La Sala IV de la Cámara Federal de Casación Penal desestimó el recurso presentado por la defensa de la expresidenta Cristina Fernández de Kirchner y confirmó en su totalidad las reglas de conducta impuestas para el cumplimiento de su prisión domiciliaria.
De este modo, el máximo tribunal penal ratificó la vigencia del régimen de visitas restringido, el uso obligatorio de la tobillera electrónica y las limitaciones horarias para acceder a la terraza del edificio donde se ejecuta la pena.
La resolución judicial, dictada este viernes, convalida de forma íntegra lo dispuesto previamente por el Tribunal Oral Federal N° 2. Por decisión mayoritaria, los magistrados determinaron que no se configuran causales legales ni fácticas para flexibilizar la modalidad de detención de la exmandataria.
Los argumentos de la defensa y el principio de progresividad
La asistencia técnica de la expresidenta había solicitado formalmente el levantamiento del esquema de autorización previa para la recepción de visitas, el retiro del dispositivo de monitoreo electrónico y la anulación de las restricciones para el uso de los espacios comunes en el inmueble de la calle San José 1111. Entre sus fundamentos, el letrado argumentó que su defendida demostró un comportamiento ejemplar durante un año y que correspondía aplicar el principio de progresividad en la ejecución de la pena.
Sin embargo, el voto mayoritario de la Cámara determinó que la conducta procesal adecuada no es un factor suficiente para alterar los parámetros de la condena.
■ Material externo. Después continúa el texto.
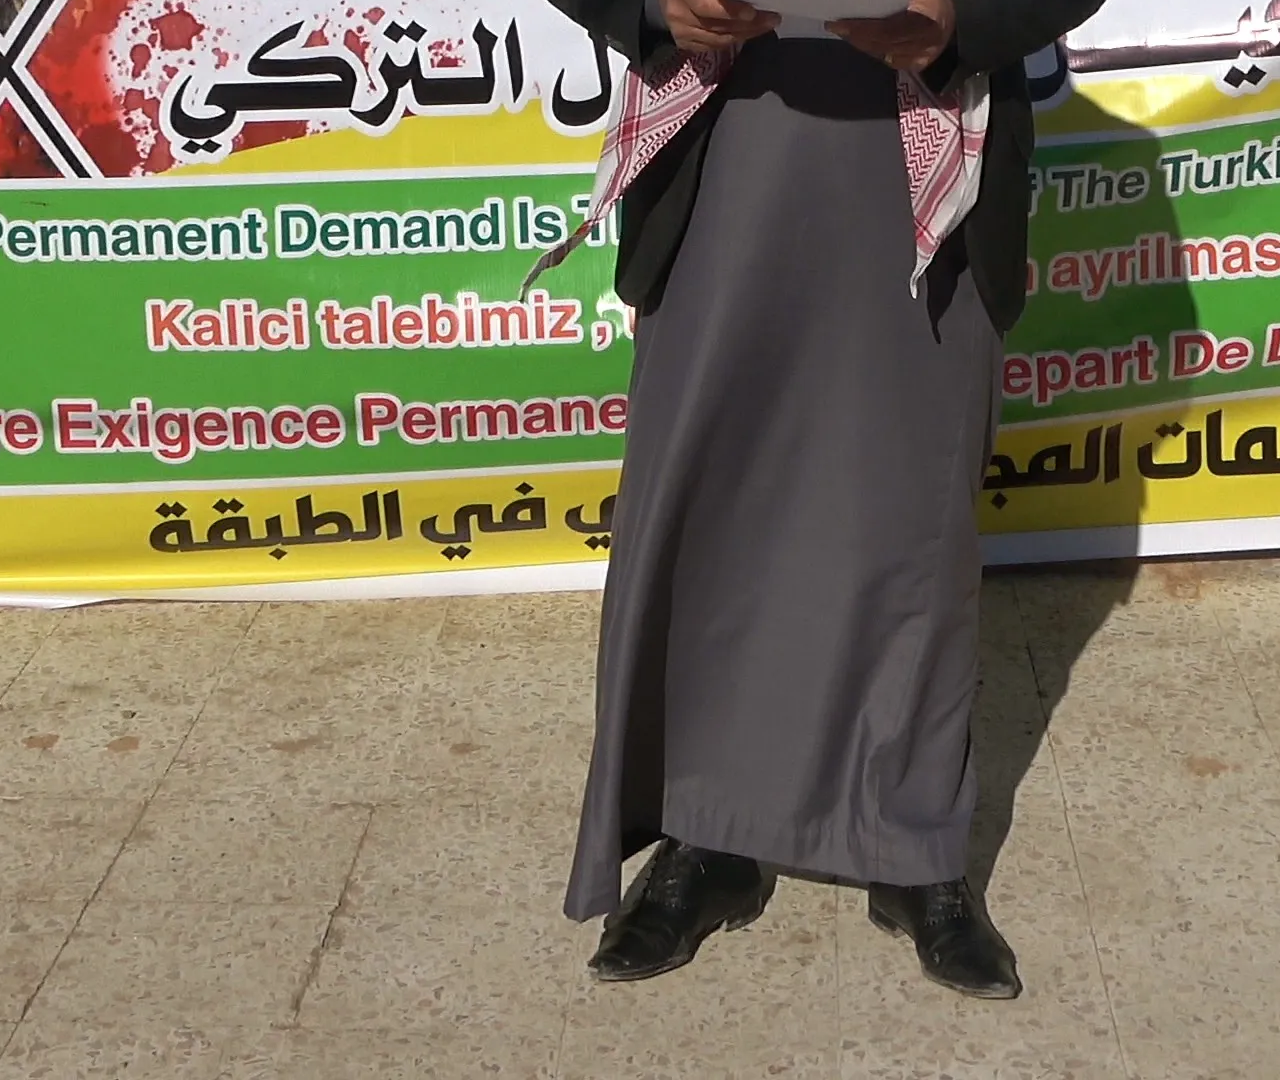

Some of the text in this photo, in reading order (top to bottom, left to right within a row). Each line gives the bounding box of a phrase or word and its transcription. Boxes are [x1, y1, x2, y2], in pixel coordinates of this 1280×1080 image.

[168, 17, 523, 155] التركي
[1052, 169, 1146, 207] The
[280, 201, 501, 251] Demand
[520, 203, 568, 245] Is
[150, 303, 306, 348] Kalici
[1002, 340, 1154, 404] epart
[1173, 333, 1249, 377] De
[57, 399, 342, 460] Exigence
[361, 396, 628, 442] Permane
[149, 489, 400, 561] الطبقة
[419, 482, 548, 561] في
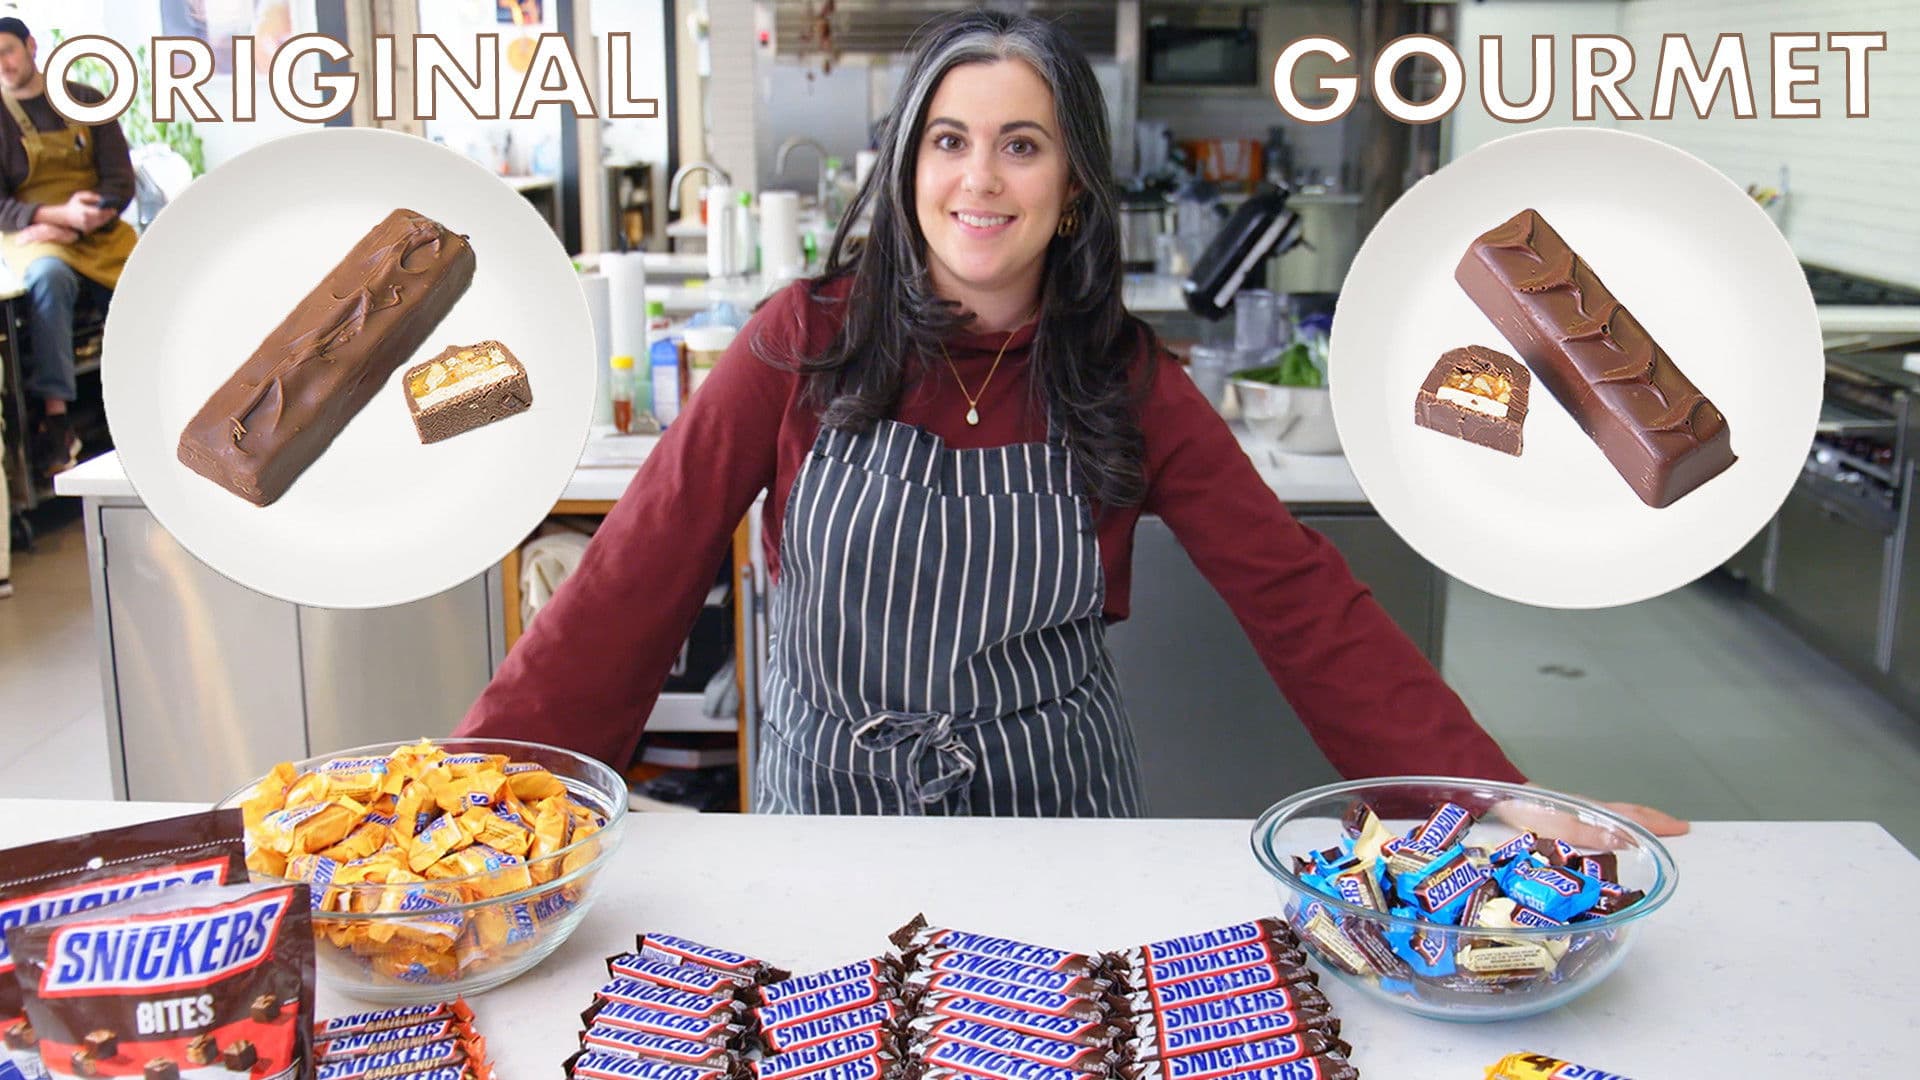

Al respecto, el juez Gustavo Hornos sostuvo en los fundamentos del fallo que:
“El adecuado acatamiento de las reglas de conducta no constituye, por sí solo, una circunstancia que habilite a concluir que las restricciones actualmente vigentes han perdido su razón de ser”.
Asimismo, el magistrado fundamentó el rechazo a la flexibilización al señalar que:
“No se advierten circunstancias sobrevinientes que justifiquen apartarse del régimen actualmente vigente”.
Naturaleza excepcional de la prisión domiciliaria y control técnico
El fallo de Casación hace especial hincapié en que este beneficio no equivale a una concesión definitiva ni a un derecho preestablecido, sino que se trata de una herramienta de excepción dentro del marco normativo penal.
En esa línea argumental, el juez Hornos precisó que:
“La prisión domiciliaria no constituye una consecuencia automática de la condena ni un derecho adquirido e inmutable, sino una excepción al principio general conforme al cual las penas privativas de libertad deben cumplirse en establecimientos penitenciarios”.
A su vez, el magistrado remarcó los criterios de rigurosidad que rigen el instituto de la detención hogareña:
“La regla general en nuestro ordenamiento es que las penas privativas de libertad se cumplan en establecimientos penitenciarios, mientras que la prisión domiciliaria constituye una excepción de interpretación restrictiva, que requiere justificación suficiente y control riguroso”.
Respecto al control de las visitas, el tribunal concluyó que las limitaciones estipuladas “constituyen instrumentos razonables de organización y supervisión orientados a asegurar el adecuado cumplimiento de la pena y su finalidad resocializadora”. En cuanto al uso de la tobillera, los jueces aclararon que la legislación federal “no condiciona su implementación a la previa acreditación de un peligro concreto de evasión en cada caso particular”, ratificando el monitoreo electrónico como una pauta general de control.
Un fallo dividido: El voto en minoría
La resolución de la Sala IV no fue unánime. Mientras que los jueces Gustavo Hornos y Diego Barroetaveña conformaron la mayoría necesaria para rechazar las pretensiones de la defensa, el camarista Mariano Borinsky dejó asentada una postura divergente en minoría.
Borinsky reiteró su criterio preexistente, manifestándose a favor de dejar sin efecto el sistema de restricciones a las visitas, retirar la tobillera electrónica y remover los límites de acceso a la terraza del edificio. A pesar de este planteo favorable a la flexibilización de las condiciones, la posición mayoritaria prevaleció y el régimen de detención de Cristina Fernández de Kirchner se mantendrá sin modificaciones.